In response to their request I brought the matter to the attention of the minister of foreign affairs, who promised an investigation and report at an early date; but before receiving his promised note I left my post for the United States on leave, and among the matters of unfinished business which I left in the hands of Mr. McNally, chargé d’affaires, was this case.
On my return I found that nothing had been done in the matter, and the Messrs. Koenigsberger again having asked my aid in securing the return of their silver, I took the matter up anew, and on investigation discovered for the first time that one of the brothers, Gustave, was a German subject and that he had laid the case before the German minister, who, on hearing the facts, refused to take any action in the matter.
About the same time also Mr. P. Dalgliesh, a British subject, had a sum of $13,000 confiscated, which he was attempting to smuggle out in the same way, and had laid his case before the British minister, who also refused to uphold him in the matter.

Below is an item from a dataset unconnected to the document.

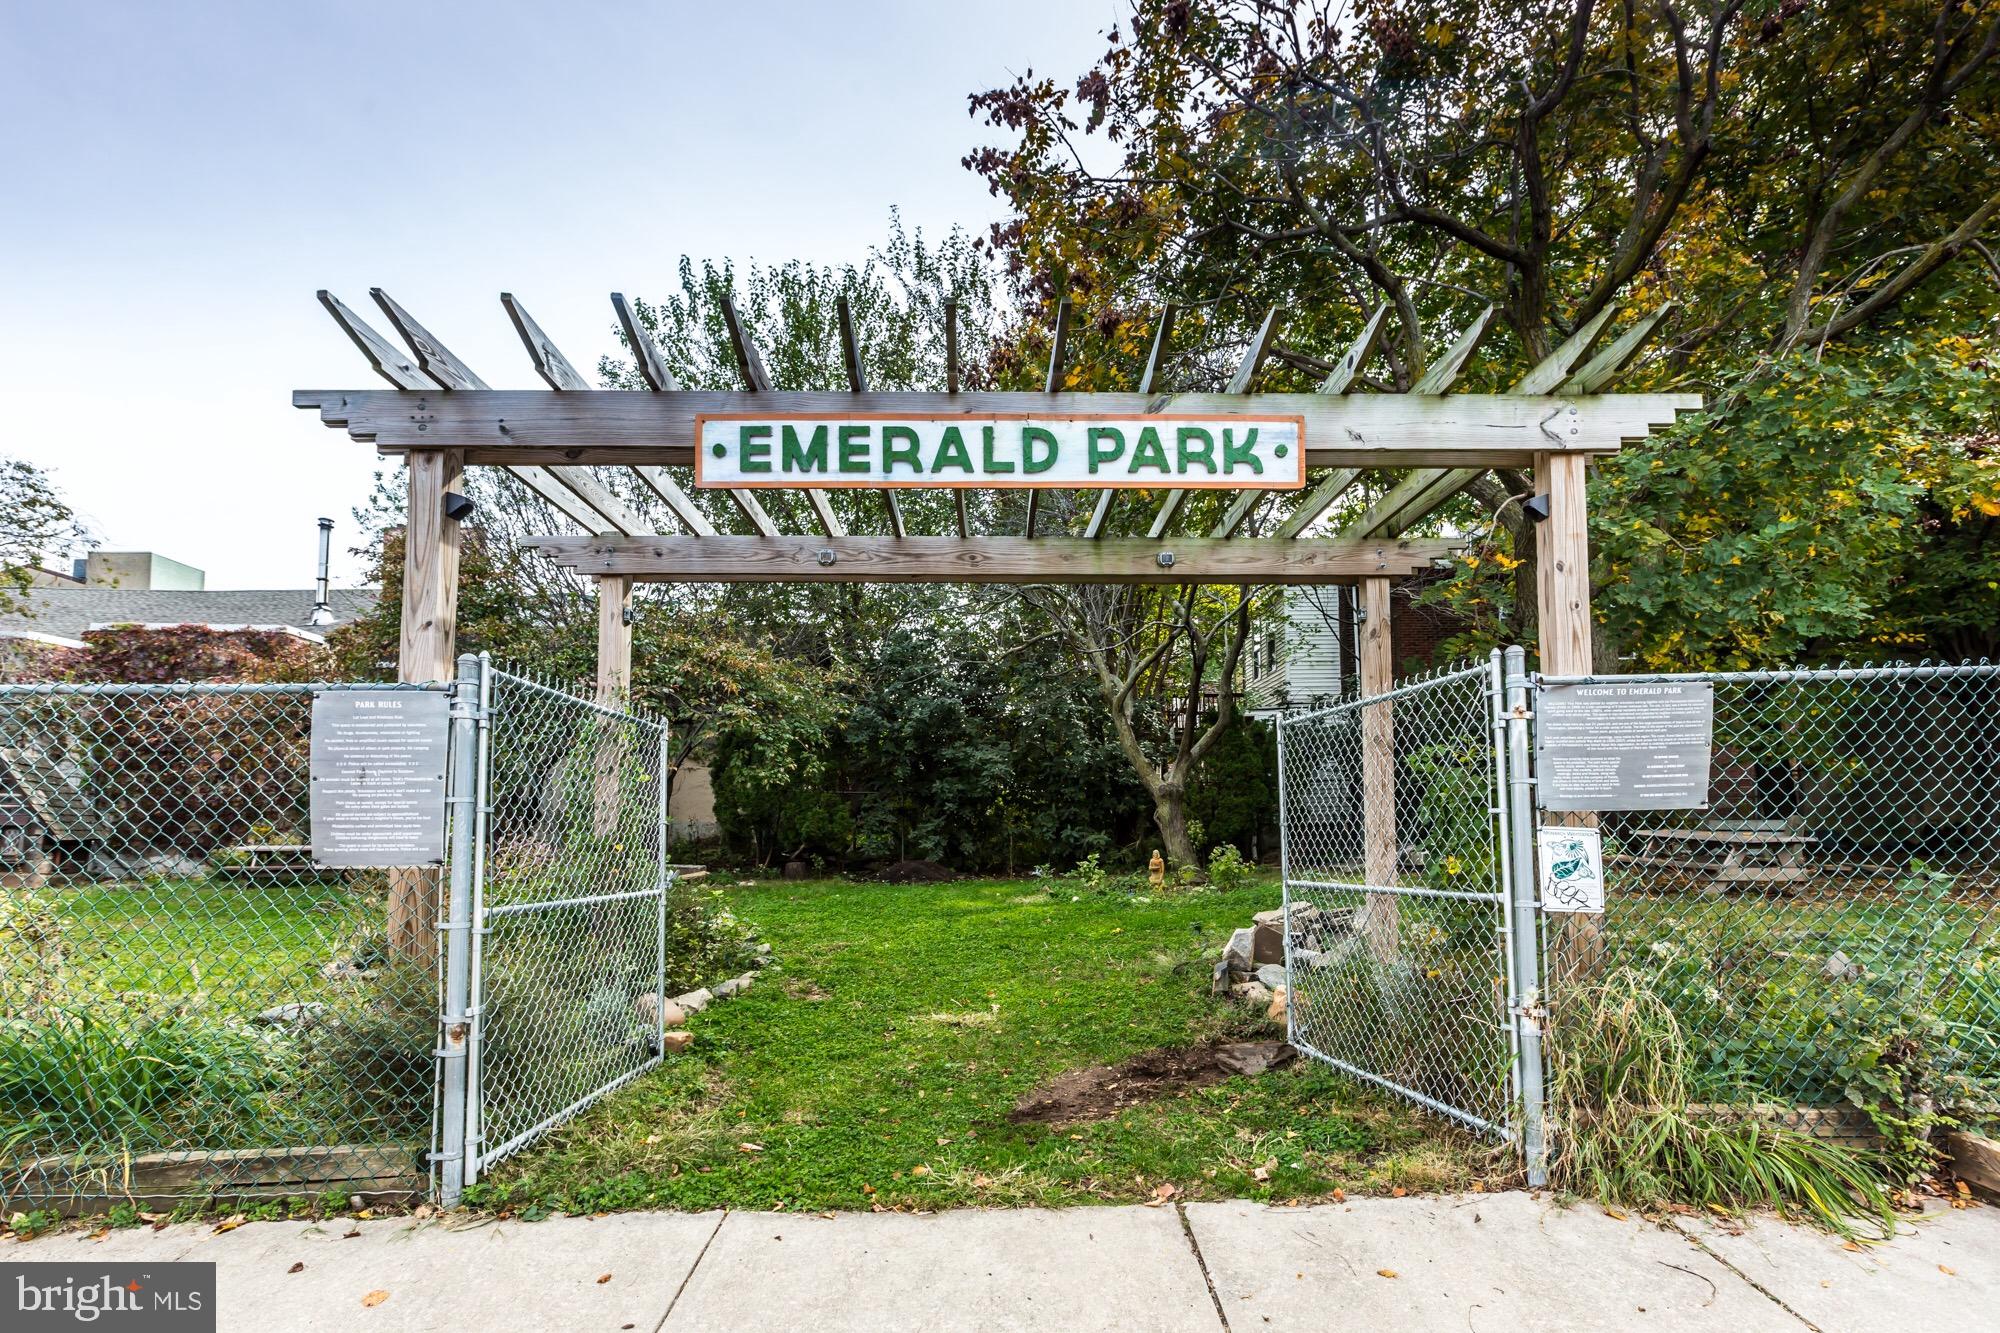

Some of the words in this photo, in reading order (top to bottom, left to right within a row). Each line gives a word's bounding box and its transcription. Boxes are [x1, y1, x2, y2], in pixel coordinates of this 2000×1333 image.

By way of further comparison of similar cases, I should say that the case of $3,000 taken from a Chinaman at Champerico was different, in that the money was seized at the railroad depot before same had been transferred to the pier, and that for this reason I was able to secure its return, as the grounds for suspicion were much less. In the present [Page 258] case, on the contrary, I found upon investigation that the valises had reached the end of the pier, where nothing is ever taken except such things as are intended to go aboard the steamer. I should perhaps explain here that the pier at San José is not in the hands of the railroad company, but is a separate corporation, and is a structure some 900 feet long, extending out from the beach into the deep water of the ocean beyond the breakers, and from the extreme end of which all passengers, baggage, and freight must be transferred to steamers by means of small launches. Anything, therefore, which is sent out to the end of the pier is presumably for exportation, and in the present case this presumption is so strong that no other view can be reasonably taken of it except that it was the intention of the Messrs. Koenigsberger to smuggle out the silver contained in their valises.
While the general merits of this case will be apparent from the foregoing narrative, I beg to mention in a specific way the following points:
- 1.
- The belief that it was the intention of the Koenigsbergers to smuggle out of the country the $2,300 which they affirm to have carried in their valises is greatly strengthened by their confession of their full intention to embark, by their having checked their baggage to the point of the pier, which is only done when such baggage is intended to go aboard, and by their refusal to exhibit the contents of their baggage when requested to do so.
- 2.
- That the action of the authorities in the confiscation of the silver and arrest of the Koenigsberger brothers was entirely within the scope of the law, as will be seen from the law itself, translations of extracts from which are hereto attached, marked “1,” “2,” “3,” and “4.”
- 3.
- The assertion that the law relative to the exportation of silver was a dead letter is, I think, fully controverted by the fact of the very existence of the present case, with its accompanying facts and circumstances, as well as those of Mr. Dalgliesh and the Chinaman referred to.
In view of the foregoing, I am of the opinion that Siegfried Koenigsberger has no ground of complaint, that he is not entitled to recover the silver confiscated, and that he may consider himself fortunate in having escaped penal proceedings, to which he was liable.